The Saint Paul University Ethics Centre is pleased to announce the following conference call for papers on:
Ethics and National Security, to be held at Saint Paul University, Ottawa, Canada on October 25, 26 and 27, 2007
Deadline for submissions: August 1, 2007.
Successful applicants will be informed via email by: August 22, 2007
For further information on the conference theme, its structure, travel and accommodation, and more, please check the conference website regularly at: http://www.ustpaul.ca/symposium2007/
The specific relationship between Ethics and National Security is increasingly important for International Relations. States that ignore this relationship often imperil their own security. But it is a difficult relationship to understand because of its dynamism and mounting complexity. The concept ‘nation-state’ has blurred since many states now have both physical and virtual components. Moreover, the global order has broadened beyond inter-state relations as non-state collectivities exert increasing influence. This raises numerous ethical and security problems since non-state collectivities are defined by a variety of interests such as corporate, cultural, environmental, feminist, health, indigenous peoples, human rights, media and political, and they pursue their respective interests in a wide variety of ways. Finally, even to define ‘Security’ raises controversial questions, such as ‘what is to be secured?’ ‘for whom and against whom?’ ‘what measures are justified in pursuing security and for how long?’ Such questions demand the close examination of held values, since people secure that which they value. Articulating values is one of the key tasks of any ethical investigation.
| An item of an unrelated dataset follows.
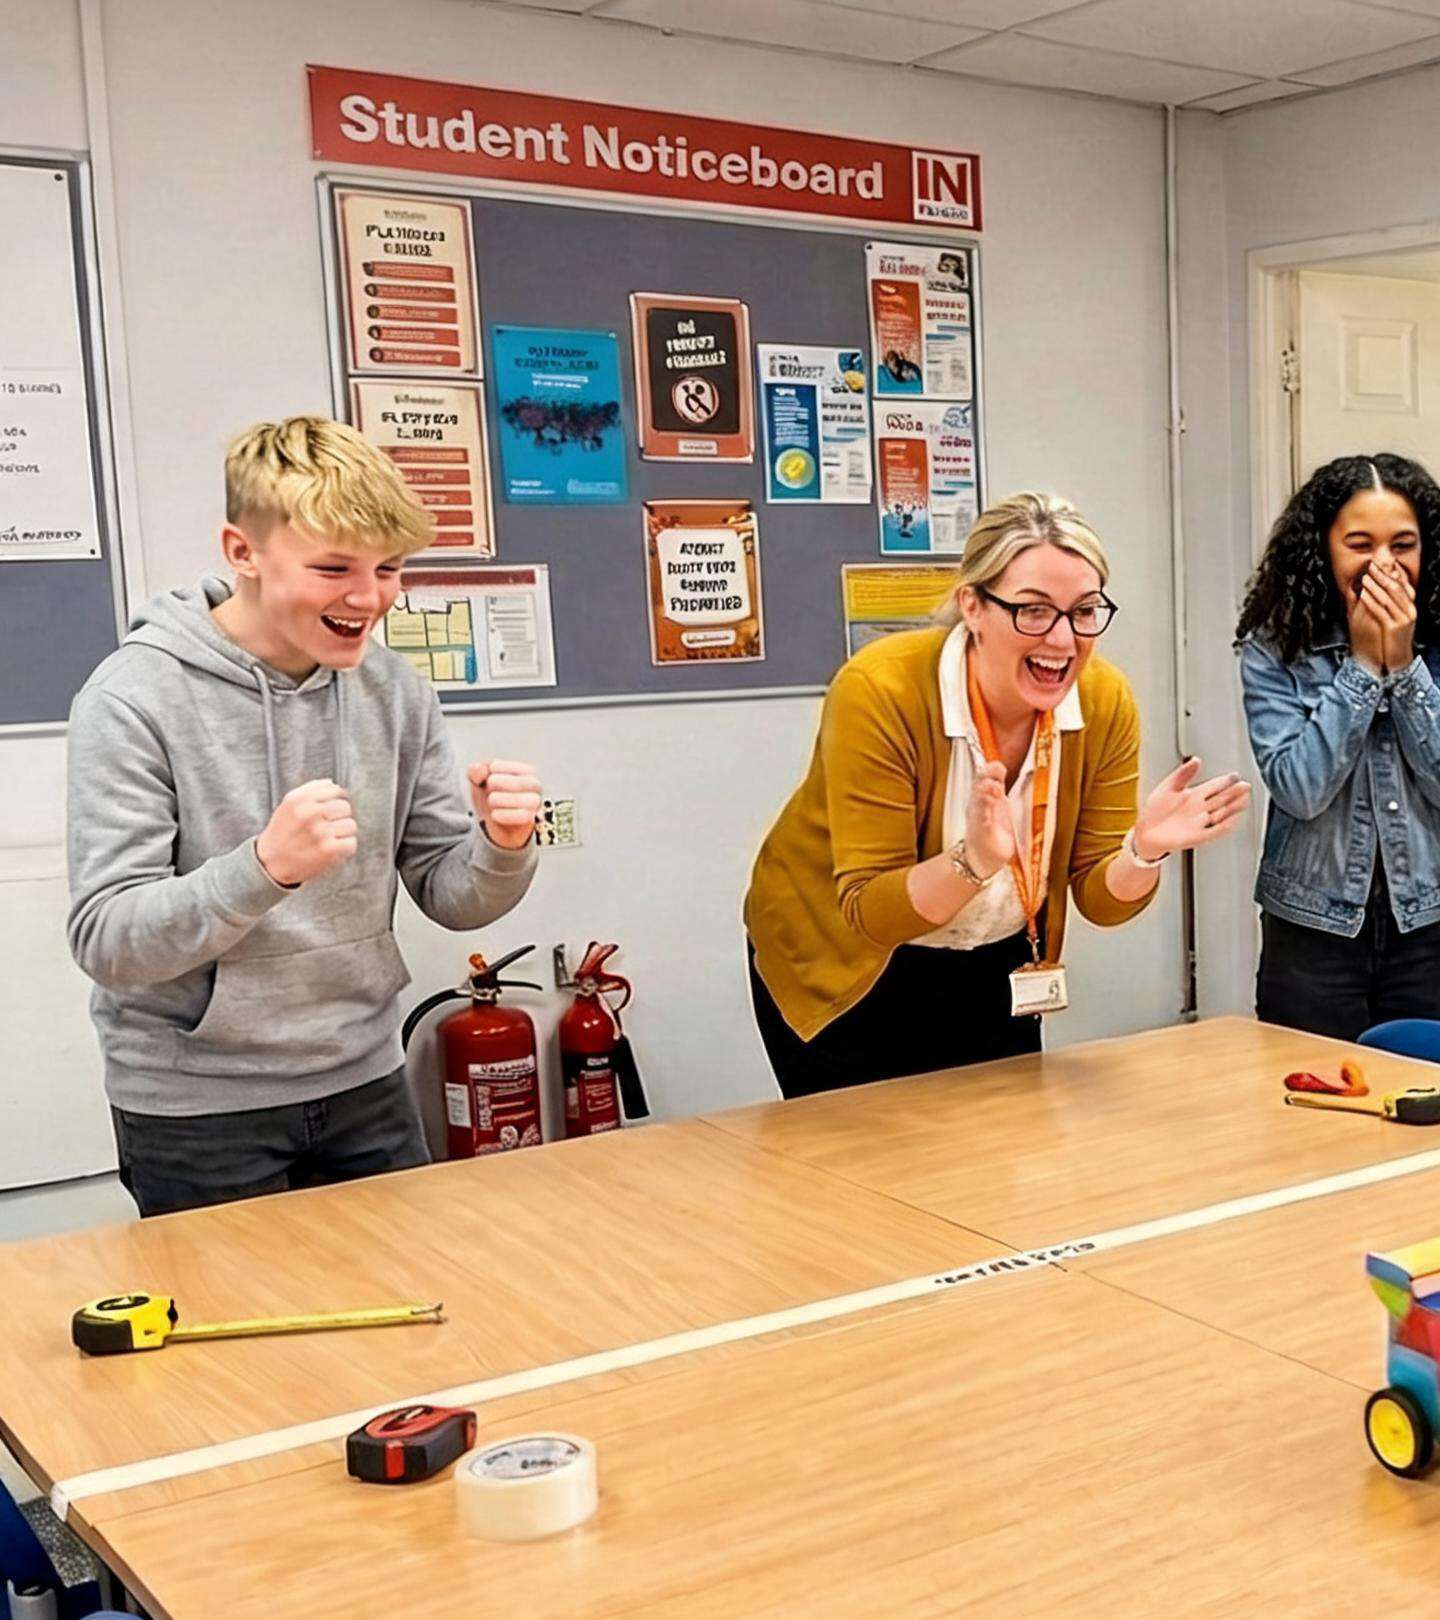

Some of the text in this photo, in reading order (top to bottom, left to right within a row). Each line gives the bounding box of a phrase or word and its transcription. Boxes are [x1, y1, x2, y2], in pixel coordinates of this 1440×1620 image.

[340, 94, 884, 199] Student Noticeboard
[917, 157, 968, 206] IN
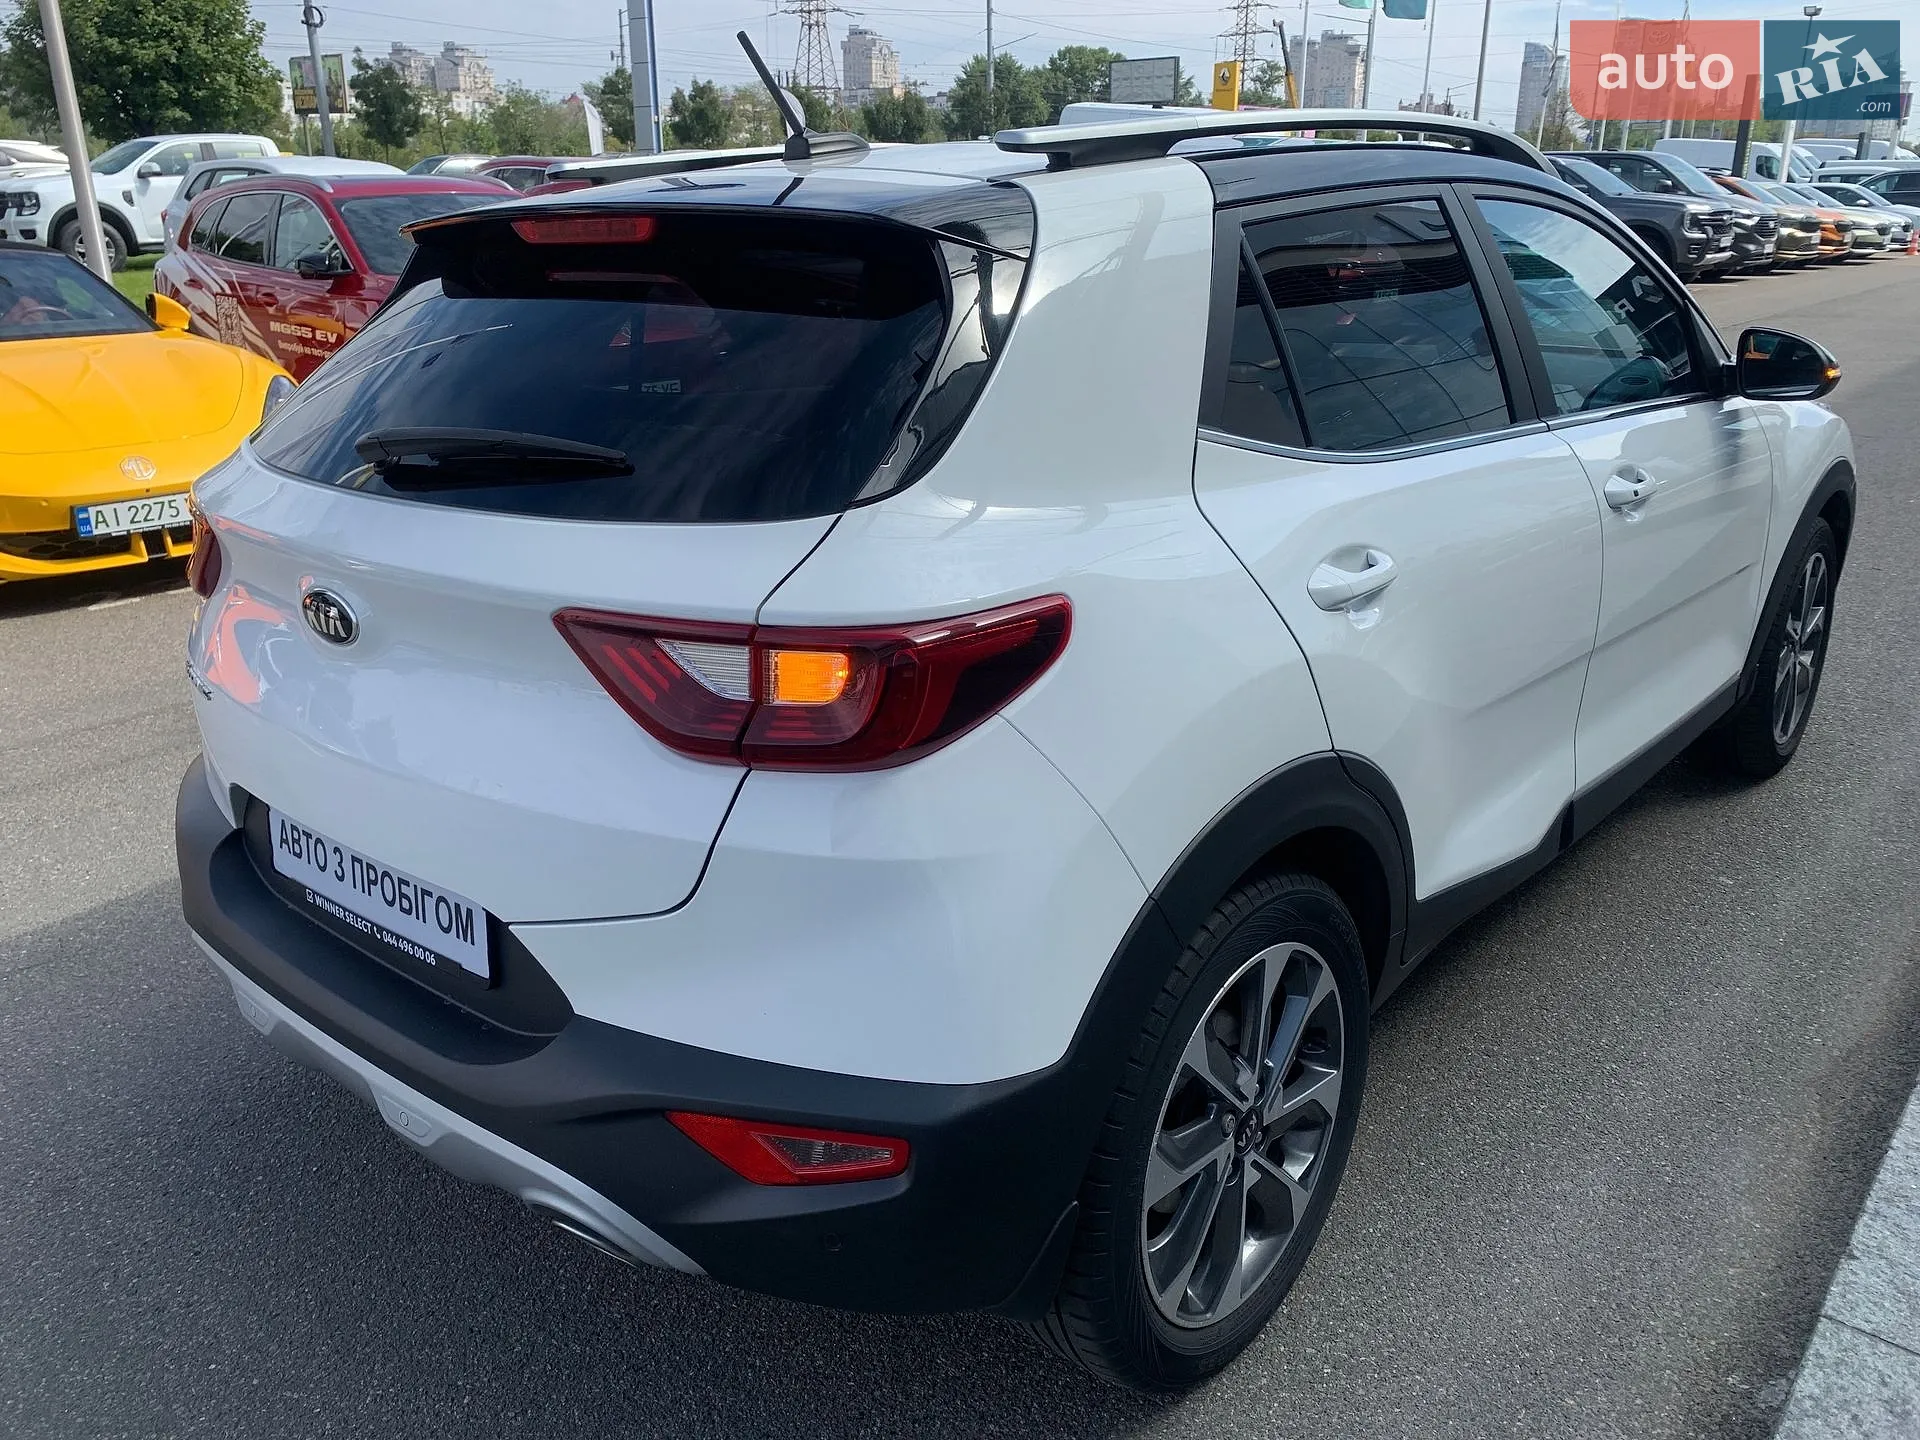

Despite the difficulties, one fact is clear: choices must be made. How state and non-state collectivities define terms like ‘Ethics’ and ‘Security’ will not only determine the manner in which such collectivities react to conflicts and crises, but how their antecedent actions in fact precipitate—or inhibit—conflicts and crises on any scale.
The goal of this conference is to bring together a broad audience of academics, policy analysts and government officials, to debate theoretical issues, analyze existing approaches to the relationship between Ethics and Security as well as to break new ground in terms of alternative approaches and further paths of research.
The proceedings of the conference will be published by the Saint Paul Ethics Centre in a peer-reviewed volume.
Possible Topics
- Defining Security in various contexts: the information-based world, virtual nation-states, the post 9/11 era of fear, the broadened world order
- The influence of ethics on national security policy
- The influence of culture on ethics and security issues.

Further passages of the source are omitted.